Cette information indique que l'installation de Windows est terminée, qu'il faut connecter la clé USB, sous Windows utiliser l'Explorateur de fichiers et faire un double-clic sur le fichier Setup.exe qui procédera à l'installation des pilotes/drivers.


----------



## oliv30 (9 Mars 2018)

Locke a dit:


> Désolé mais avec un iMac 2011 il te sera impossible d'utiliser un fichier .iso, il te faudra impérativement un DVD de Windows 7 gravé depuis un vrai PC. Toute autre tentative échouera.
> 
> Cette information indique que l'installation de Windows est terminée, qu'il faut connecter la clé USB, sous Windows utiliser l'Explorateur de fichiers et faire un double-clic sur le fichier Setup.exe qui procédera à l'installation des pilotes/drivers.



Merci 
j'ai réussi à graver un dvd de windows 7 avec mon imac et l'installation s'est faite sans souci.
il doit me rester le problème du son mais je vais regarder les drivers.


----------



## Locke (10 Mars 2018)

oliv30 a dit:


> Merci
> j'ai réussi à graver un dvd de windows 7 avec mon imac et l'installation s'est faite sans souci.
> il doit me rester le problème du son mais je vais regarder les drivers.

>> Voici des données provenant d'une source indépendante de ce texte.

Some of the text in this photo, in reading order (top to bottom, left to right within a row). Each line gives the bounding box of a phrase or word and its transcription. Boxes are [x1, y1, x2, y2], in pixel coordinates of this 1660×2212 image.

Si tu relis ton passage...


oliv30 a dit:


> " Sous Windows, recherchez le dossier Boot Camp enregistré sur le support USB que vous avez créé lors de l’étape 3, puis double-cliquez dessus pour l’ouvrir."

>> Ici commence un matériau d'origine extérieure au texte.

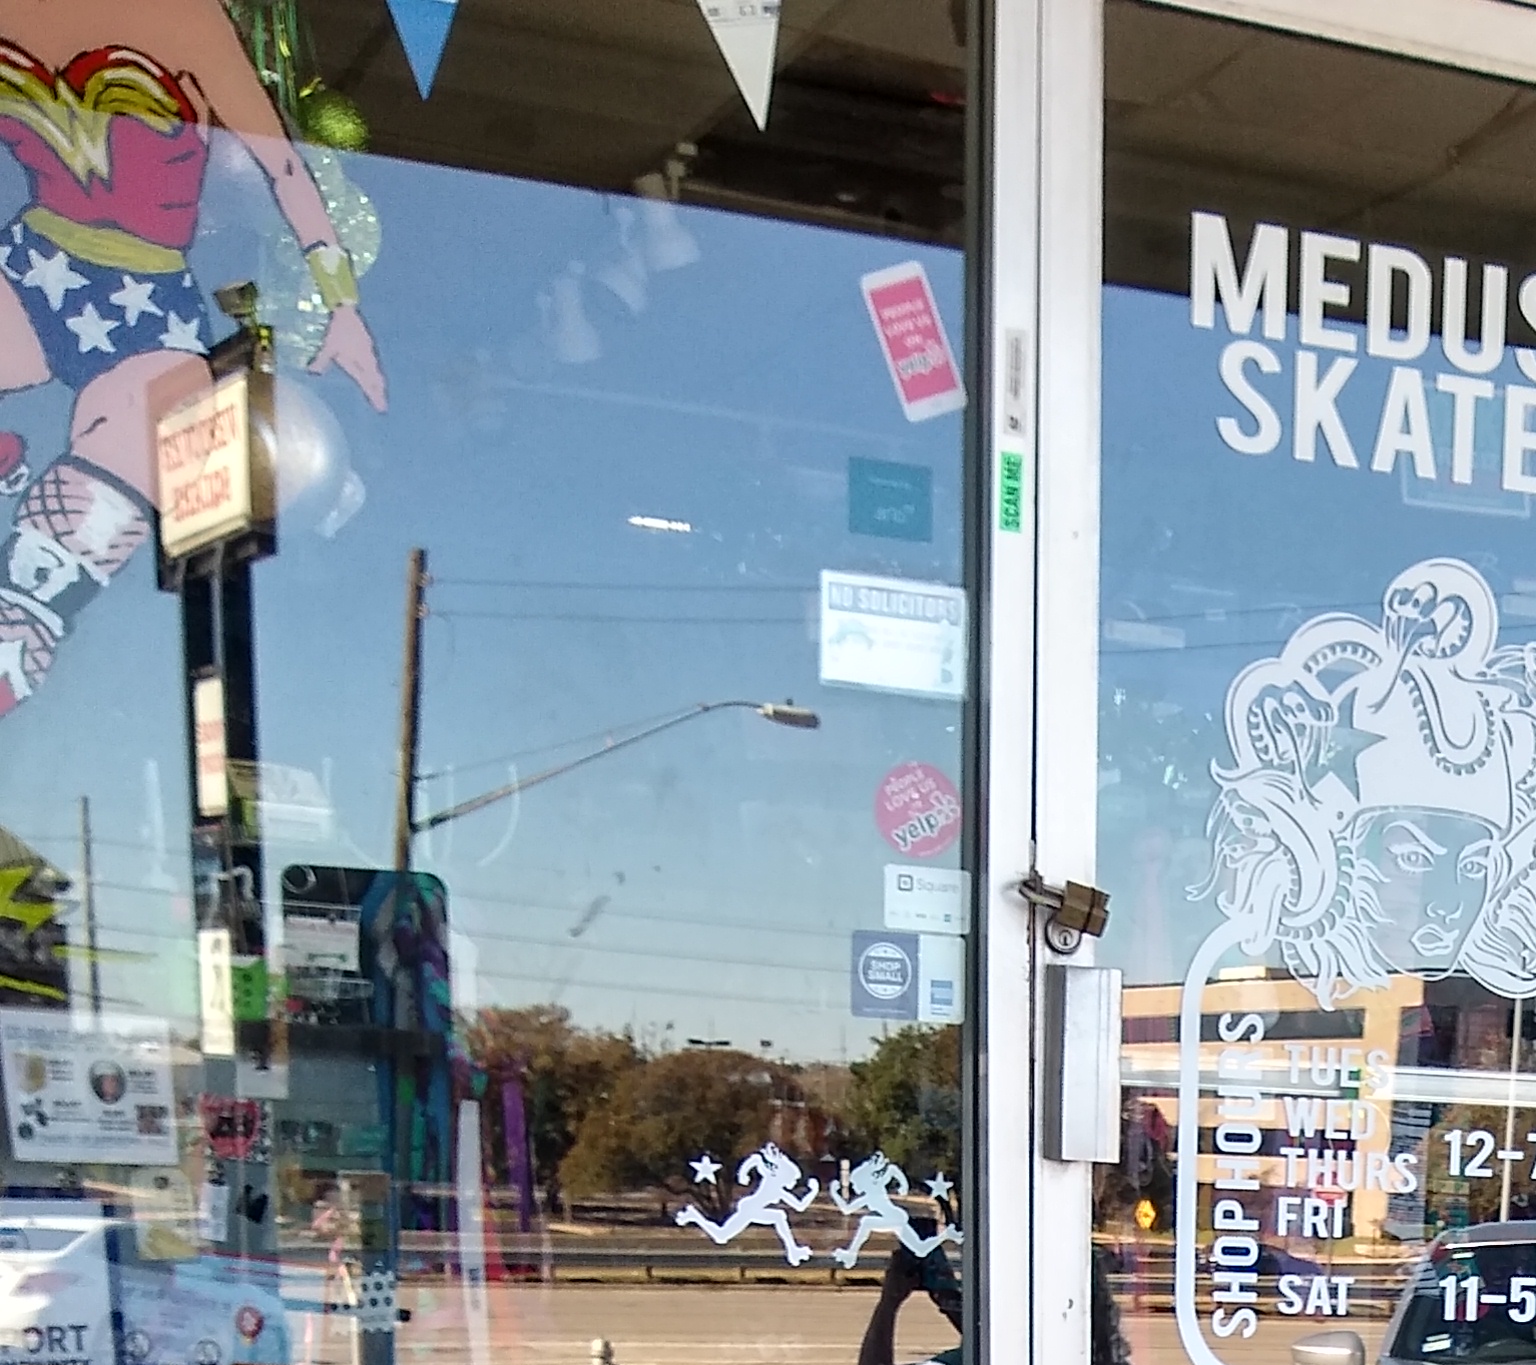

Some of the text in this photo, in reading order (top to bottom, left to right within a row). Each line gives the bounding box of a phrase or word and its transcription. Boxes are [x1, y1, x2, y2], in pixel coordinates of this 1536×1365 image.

[831, 586, 958, 621] NO SOLICITORS
[893, 813, 939, 849] yelp
[867, 969, 904, 984] SMALL
[870, 960, 901, 972] SHOP
[1283, 1043, 1392, 1093] TUES
[1283, 1096, 1377, 1142] WED
[1211, 1012, 1265, 1340] SHOP HOURS
[1280, 1147, 1420, 1195] THURS
[1276, 1195, 1347, 1241] FRI
[1275, 1273, 1355, 1318] SAT

...il faut donc connecter ta clé USB et sous l'Explorateur de fichiers dans le dossier Boot Camp tu recherches le fichier Setup.exe et tu fais un double-clic dessus.


----------



## oliv30 (10 Mars 2018)

C'est ce que j'ai fait. le choix du bon bootcamp se fait sur le site d'apple mais en cliquant sur setupexe windows me dit que ce n'est pas le bon. j'ai installé les drivers 1 à 1 et là ils sont accepté (notamment le clavier ...)
néanmoins je reste sans son et la partie numérique du clavier filaire ne marche pas non plus.
question subsidiaire: est ce qu'une sauvegarde Time Machine ou carbon copycloner permet une restauration fonctionnelle de la partie windows (c'est une machine client qui doit se connecter sur un serveur donc j'aimerai avoir une version propre facile à reinstaller parce que mon lecteur de dvd il est un peu en fin de vie)


----------



## Locke (10 Mars 2018)

oliv30 a dit:


> j'ai installé les drivers 1 à 1 et là ils sont accepté (notamment le clavier ...)
> néanmoins je reste sans son et la partie numérique du clavier filaire ne marche pas non plus.


Windows 7 n'est plus suivi par Microsoft et ne propose donc plus de mise à jour. Sous Windows dans le Gestionnaire de périphériques, s'il y a un problème une icône en forme de triangle jaune avec un point d'exclamation sera affichée devant le pilote fautif. Un double-clic dessus, il faut faire la mise à jour et redémarrer.


oliv30 a dit:


> question subsidiaire: est ce qu'une sauvegarde Time Machine ou carbon copycloner permet une restauration fonctionnelle de la partie windows (c'est une machine client qui doit se connecter sur un serveur donc j'aimerai avoir une version propre facile à reinstaller parce que mon lecteur de dvd il est un peu en fin de vie)


Négatif, la seule sauvegarde possible sera avec le logiciel Winclone.


----------